-- Task inputs follows --

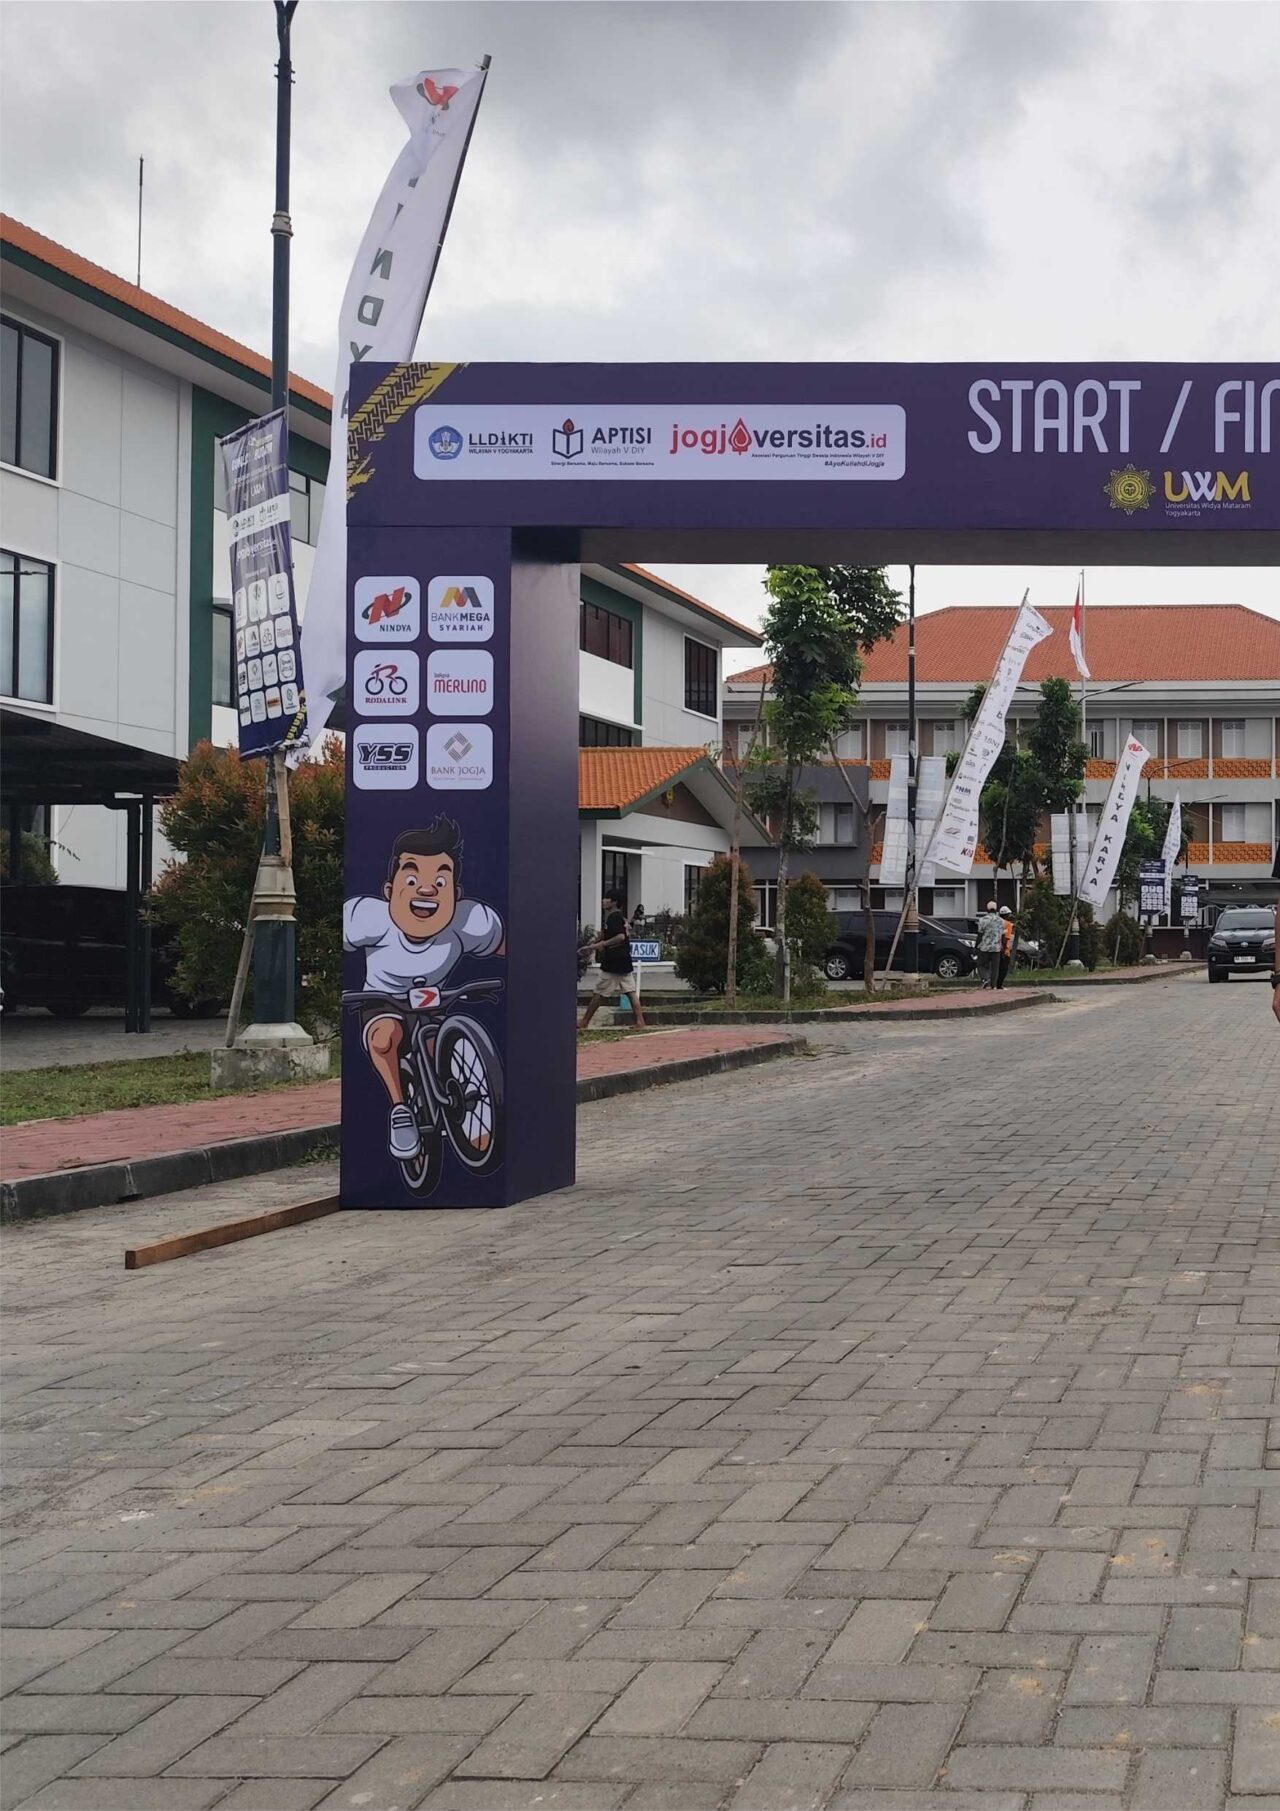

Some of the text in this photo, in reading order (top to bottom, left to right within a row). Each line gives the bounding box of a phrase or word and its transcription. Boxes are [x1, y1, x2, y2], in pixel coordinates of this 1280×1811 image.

[967, 379, 1142, 454] START
[1159, 380, 1193, 454] /
[468, 431, 533, 446] LLDIKTI
[591, 427, 652, 444] APTISI
[591, 446, 646, 454] Wilayah V DIY
[1164, 471, 1251, 502] UWM
[1165, 510, 1201, 518] Yogyakarta
[1201, 502, 1221, 511] Widya
[379, 624, 412, 632] NINDYA
[439, 624, 483, 632] SYARIAH
[433, 679, 487, 694] MERLINO
[357, 742, 414, 765] YSS
[431, 766, 487, 776] BANK JOGJA
[1089, 834, 1113, 887] KARYA
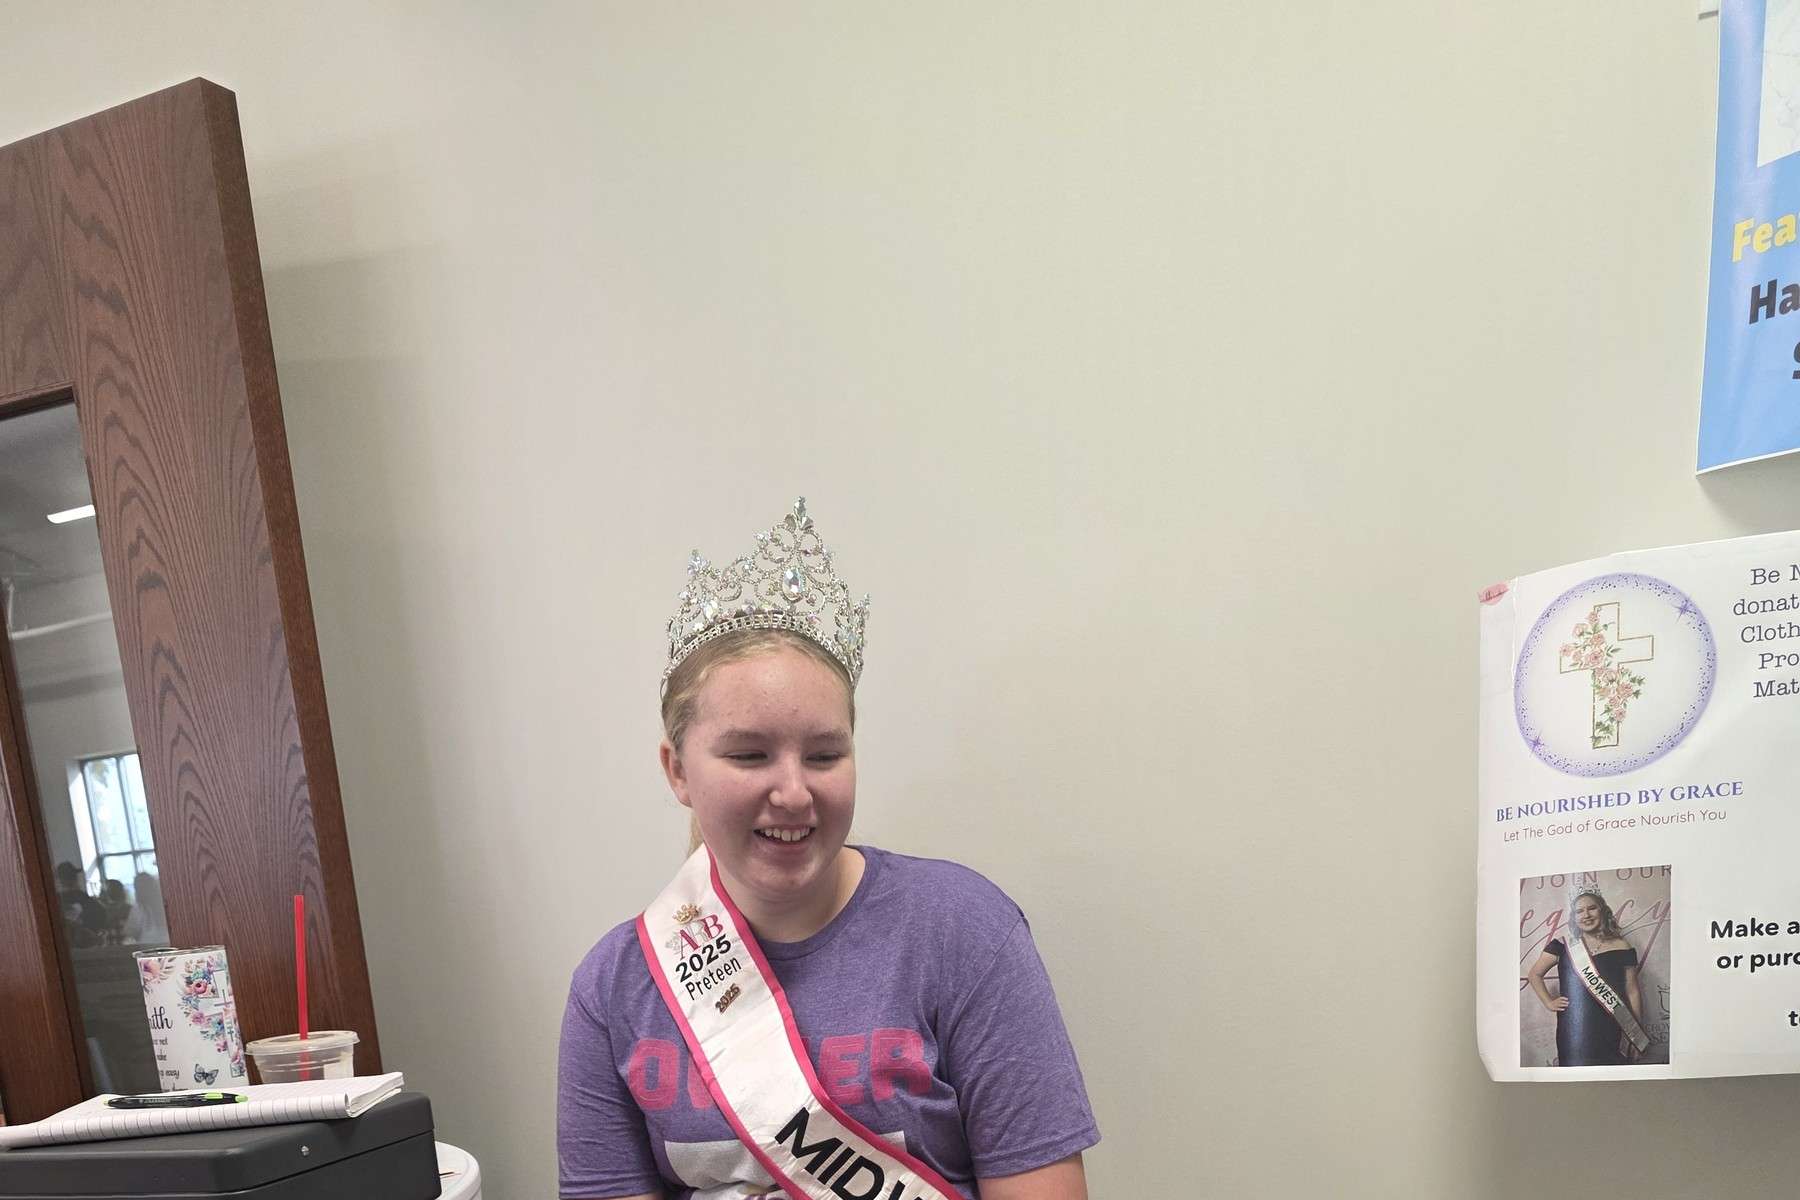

-- Task inputs concluded --

▸ **About this exercise**
The entries above need to be repeated in full, word for word. Skip the images.

▸ **Written solution**
Some of the text in this photo, in reading order (top to bottom, left to right within a row). Each line gives the bounding box of a phrase or word and its transcription. Boxes are [x1, y1, x2, y2], in pixel coordinates of this 1280×1811 image.

[967, 379, 1142, 454] START
[1159, 380, 1193, 454] /
[468, 431, 533, 446] LLDIKTI
[591, 427, 652, 444] APTISI
[591, 446, 646, 454] Wilayah V DIY
[1164, 471, 1251, 502] UWM
[1165, 510, 1201, 518] Yogyakarta
[1201, 502, 1221, 511] Widya
[379, 624, 412, 632] NINDYA
[439, 624, 483, 632] SYARIAH
[433, 679, 487, 694] MERLINO
[357, 742, 414, 765] YSS
[431, 766, 487, 776] BANK JOGJA
[1089, 834, 1113, 887] KARYA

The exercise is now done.